São Paulo 29/10/2019 –

Já não surpreende ninguém que a economia mundial esteja numa fase de desaceleração. As causas dessa desaceleração são perfeitamente conhecidas: desde o início de 2018, a China tencionava retomar os seus esforços de diminuir as dívidas, reduzindo o seu apoio ao crescimento, o que resultou automaticamente no declínio das principais economias exportadoras mundiais. Simultaneamente, em vez de intervirem no apoio ao crescimento, os grandes bancos centrais continuaram a tentar normalizar as suas políticas monetárias.

Para agravar a situação, Donald Trump lançou um ataque frontal às exportações chinesas, atitude que teve pouco impacto direto na atividade chinesa, mas que elevou o nível de incerteza, penalizando assim o investimento das empresas e a confiança dos consumidores de forma global. 2019 não é mais do que a herança desta colisão geral do ano passado.
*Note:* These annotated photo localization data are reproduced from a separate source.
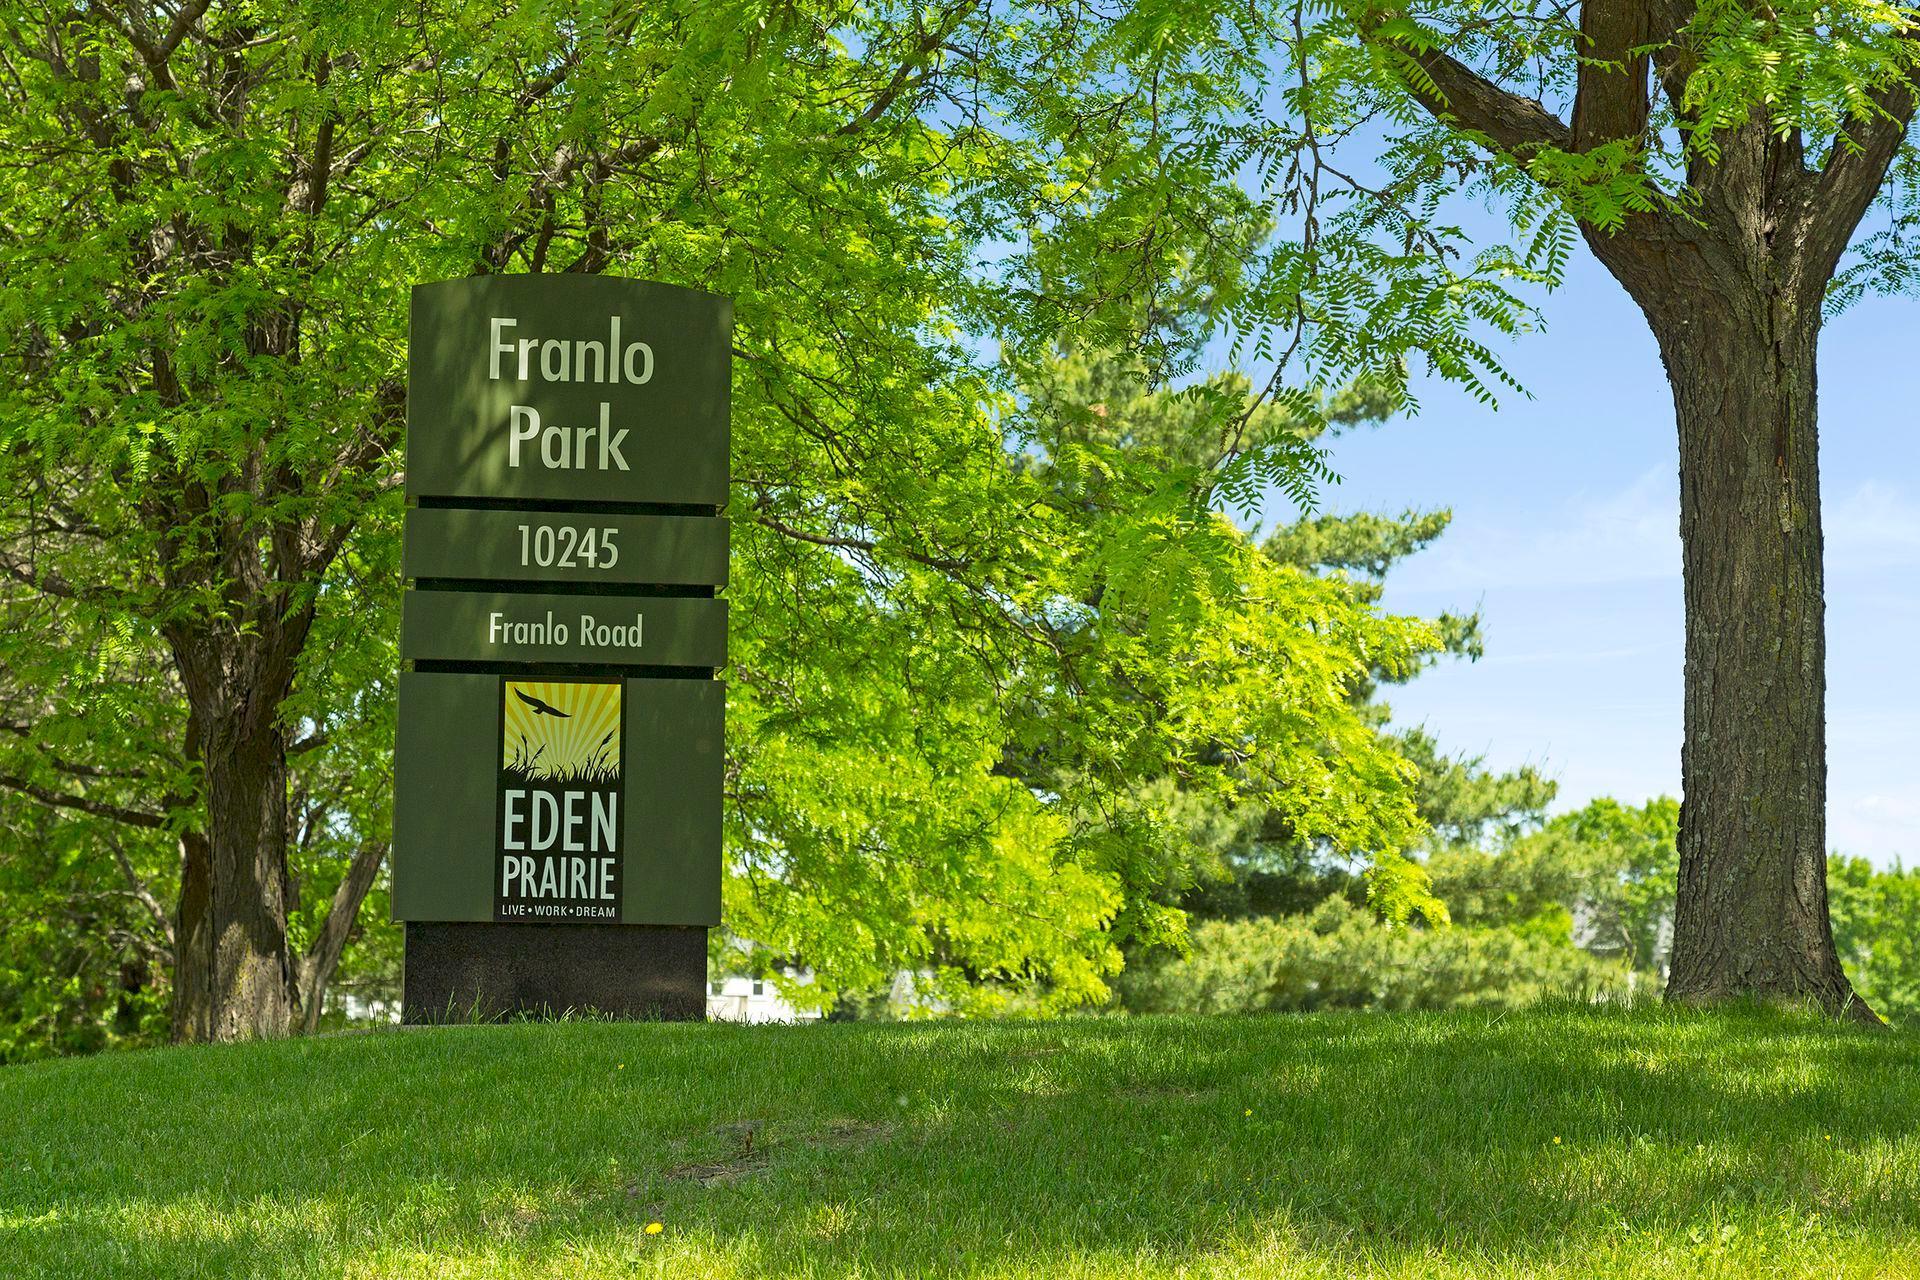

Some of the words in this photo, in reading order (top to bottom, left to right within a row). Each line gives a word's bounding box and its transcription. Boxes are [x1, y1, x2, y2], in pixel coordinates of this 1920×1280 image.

[488, 316, 655, 385] Franlo
[509, 402, 631, 471] Park
[518, 525, 619, 569] 10245
[489, 611, 568, 645] Franlo
[580, 613, 643, 648] Road
[503, 789, 617, 852] EDEN
[502, 855, 616, 900] PRAIRIE
É certo que os bancos centrais promoveram as reparações e mostraram-se muito mais flexíveis este ano do que no ano passado (foram realizadas 43 quedas nas taxas de juros no mundo desde o início do ano), mas por mais extenso que seja, este apoio monetário não é suficientemente para corrigir a mudança econômica que começou em 2018.
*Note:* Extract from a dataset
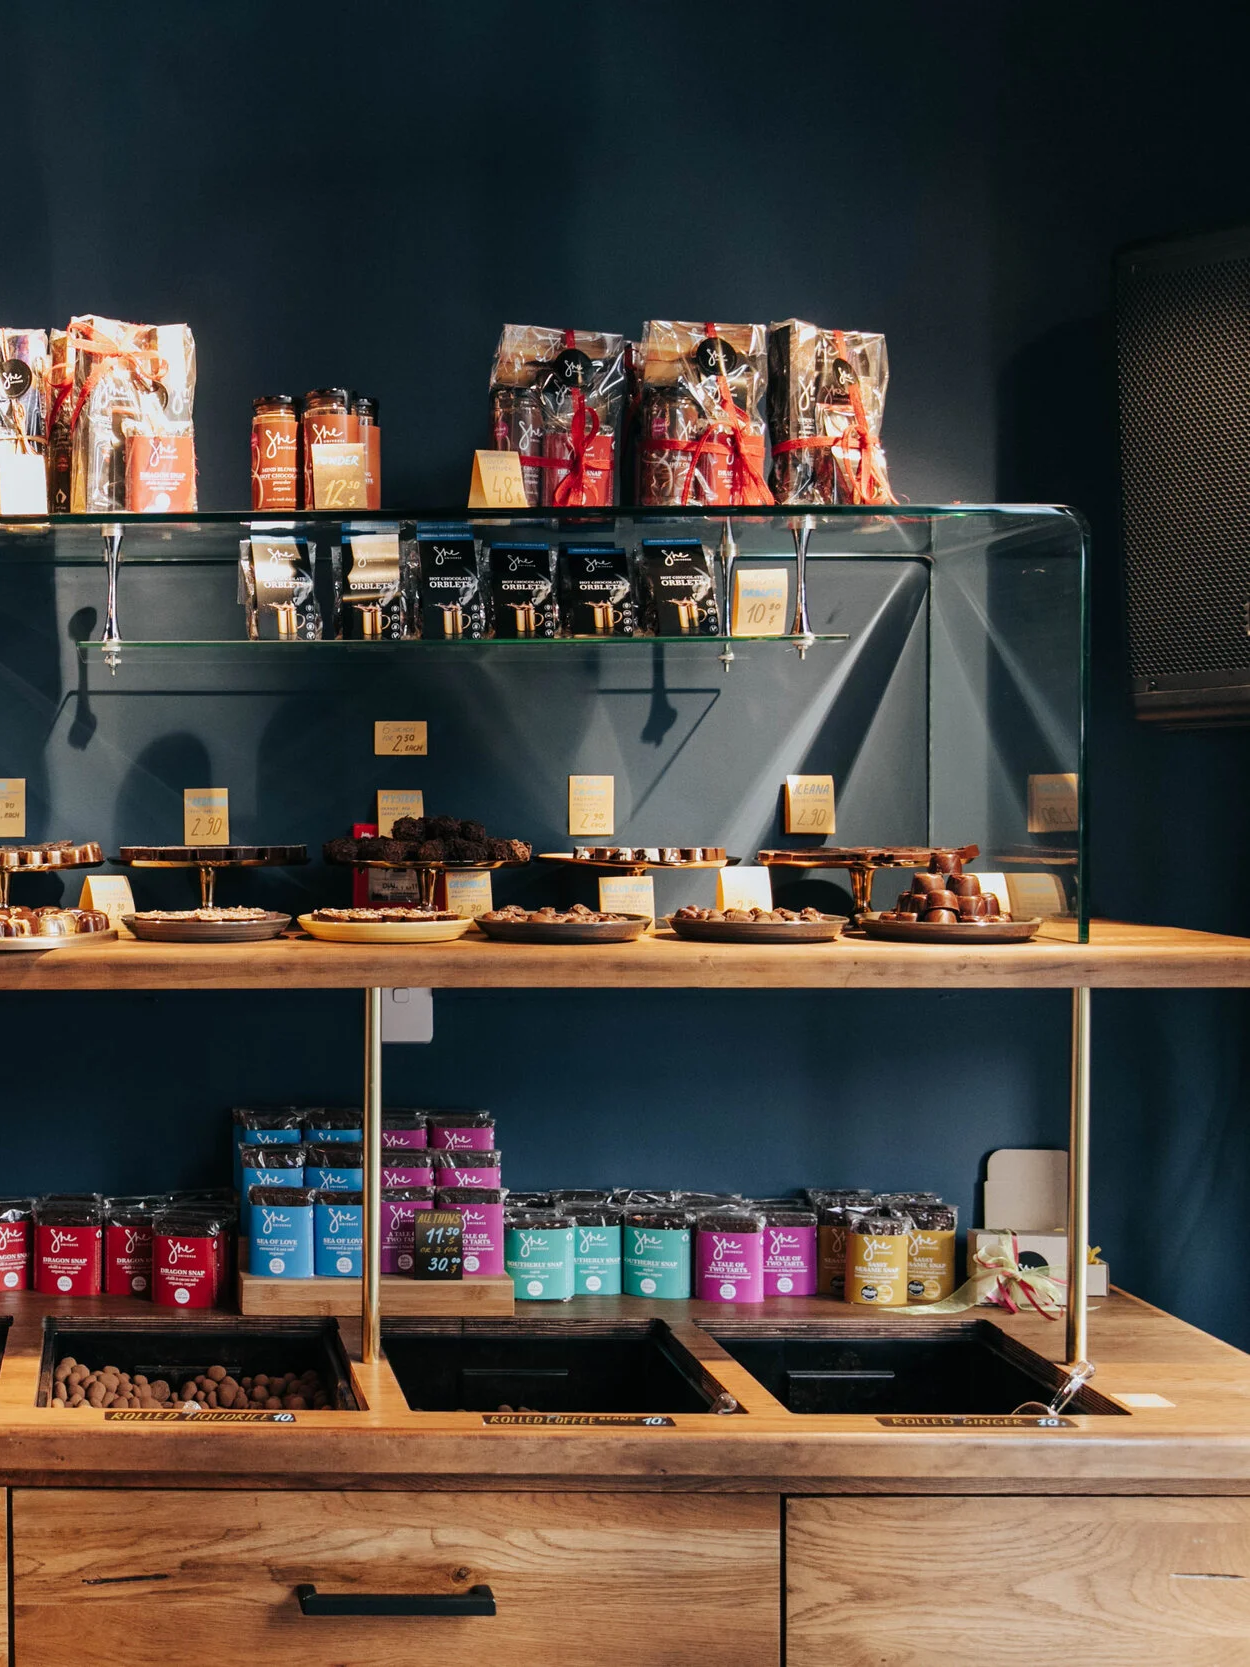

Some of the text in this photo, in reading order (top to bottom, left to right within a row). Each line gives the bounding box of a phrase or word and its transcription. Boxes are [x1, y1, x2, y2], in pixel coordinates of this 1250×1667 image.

A macroeconomia é como a confiança: construída, ou reconstruída, a um ritmo mais lento do que é destruída. Esta inércia levou a economia norte-americana a juntar-se ao cortejo dos principais países em forte desaceleramento, tal como confirmado pelas últimas estatísticas publicadas no início do mês de outubro. Por conseguinte, até que possam surgir eventuais estímulos orçamentais no próximo ano, os mercados financeiros são confrontados com o risco de algumas vertigens devido ao crescente desnível, para não falar do abismo, entre a realidade do desaceleramento econômico, agora evidente, e as soluções passíveis de se oporem atualmente ao mesmo. Porque a inércia aplica-se a muitas decisões humanas, principalmente quando diz respeito aos gestores dos bancos centrais.

Tendo em conta que, há dez meses, a Reserva Federal norte-americana ainda aumentava as suas taxas de juros diretoras. Há apenas dois meses, ainda reduzia a dimensão do seu balanço, equivalente a uma orientação monetária restritiva por outra via. Então, como podemos esperar que a Fed oferecerá mais que alguns cortes graduais e cautelosos nas taxas de juros, como os insuficientes 0,25%, sem perder a credibilidade, sem mostrar fraqueza, ou mesmo sem parecer perder a independência frente às táticas de pressão de Trump? Ainda é preciso recordar que, em dezembro passado, a Fed já tinha aceitado prejudicar a sua credibilidade, anunciando que este ciclo de orientação monetária restritiva tinha subitamente acabado, isso alguns dias após ter aumentado as taxas de juros pela oitava vez em dois anos. Precipitar-se agora no sentido oposto, com um movimento brusco de flexibilização, seria pedir demais a uma instituição essencialmente conservadora, prudente e verdadeiramente empenhada em preservar a sua credibilidade.

No entanto, esta inércia de voltar a injetar liquidez no sistema financeiro é ainda mais problemática, pois, simultaneamente, a política econômica de Donald Trump começa a ser contraproducente para o crescimento norte-americano, o que resultará na explosão do déficit orçamental que deverá ser financiado. Voltar a comprar, direta ou indiretamente, as obrigações emitidas pelo Tesouro dos Estados Unidos para financiar o déficit, por outras palavras, recorrer novamente ao famoso “quantitative easing”, ao aumentar a dimensão do seu balanço após a sua redução no mês passado, parece cada vez mais um desfecho inevitável para a Fed. Mas quando e como o admitir sem se contradizer? Enquanto aguardam pela resposta, os mercados têm o direito de ter algumas vertigens.